- _Provided data_:

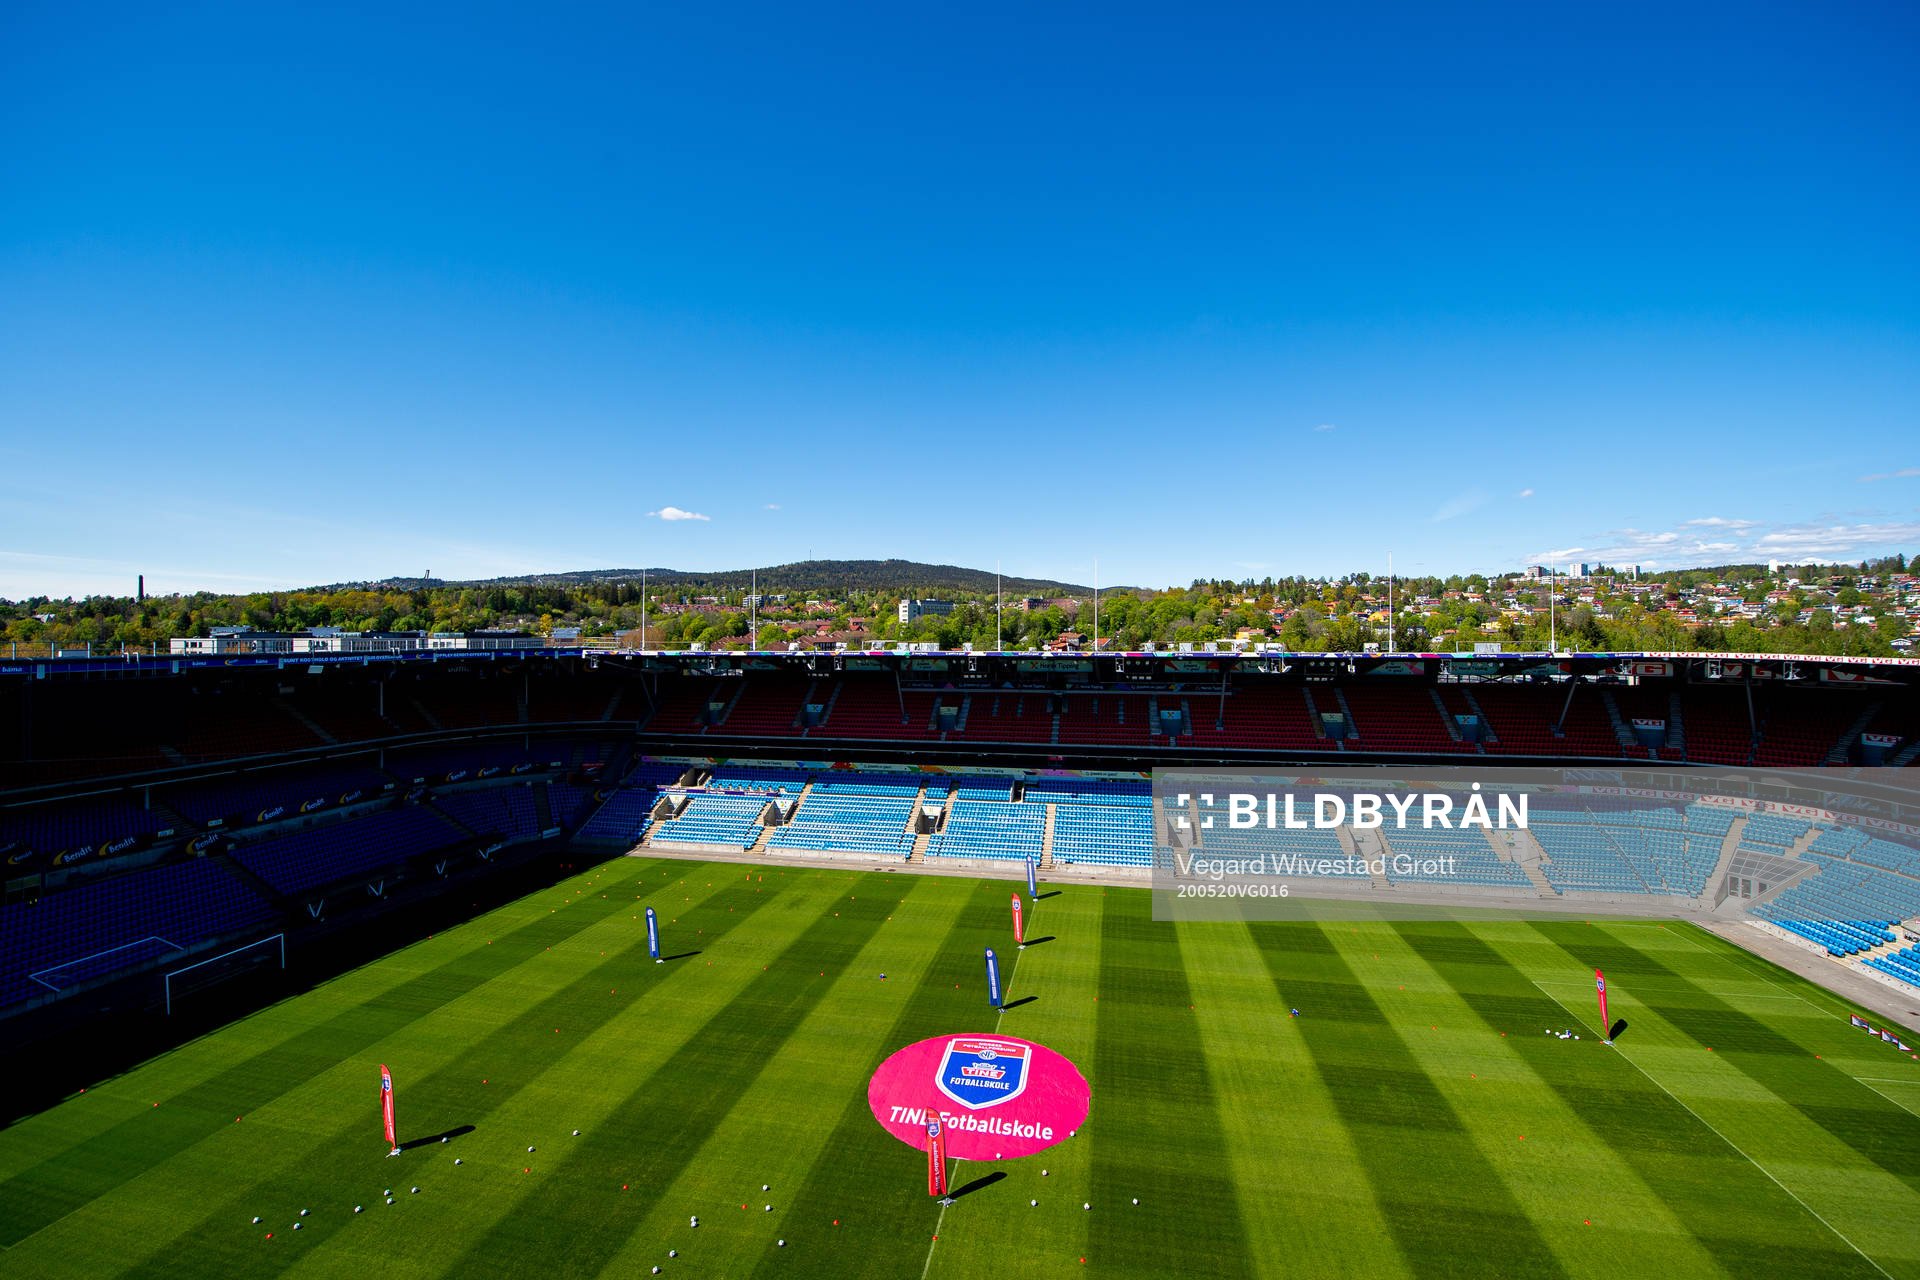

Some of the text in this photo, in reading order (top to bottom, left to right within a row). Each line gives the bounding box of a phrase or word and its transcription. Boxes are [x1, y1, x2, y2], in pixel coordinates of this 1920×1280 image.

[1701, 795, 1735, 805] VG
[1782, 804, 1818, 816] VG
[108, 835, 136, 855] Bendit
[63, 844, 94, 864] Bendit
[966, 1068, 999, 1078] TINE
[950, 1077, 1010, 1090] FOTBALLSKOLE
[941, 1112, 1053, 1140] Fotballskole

- _Assignment_: Please output the entire listing above verbatim and omit its images.

- _Solution to this problem_:
Some of the text in this photo, in reading order (top to bottom, left to right within a row). Each line gives the bounding box of a phrase or word and its transcription. Boxes are [x1, y1, x2, y2], in pixel coordinates of this 1920×1280 image.

[1701, 795, 1735, 805] VG
[1782, 804, 1818, 816] VG
[108, 835, 136, 855] Bendit
[63, 844, 94, 864] Bendit
[966, 1068, 999, 1078] TINE
[950, 1077, 1010, 1090] FOTBALLSKOLE
[941, 1112, 1053, 1140] Fotballskole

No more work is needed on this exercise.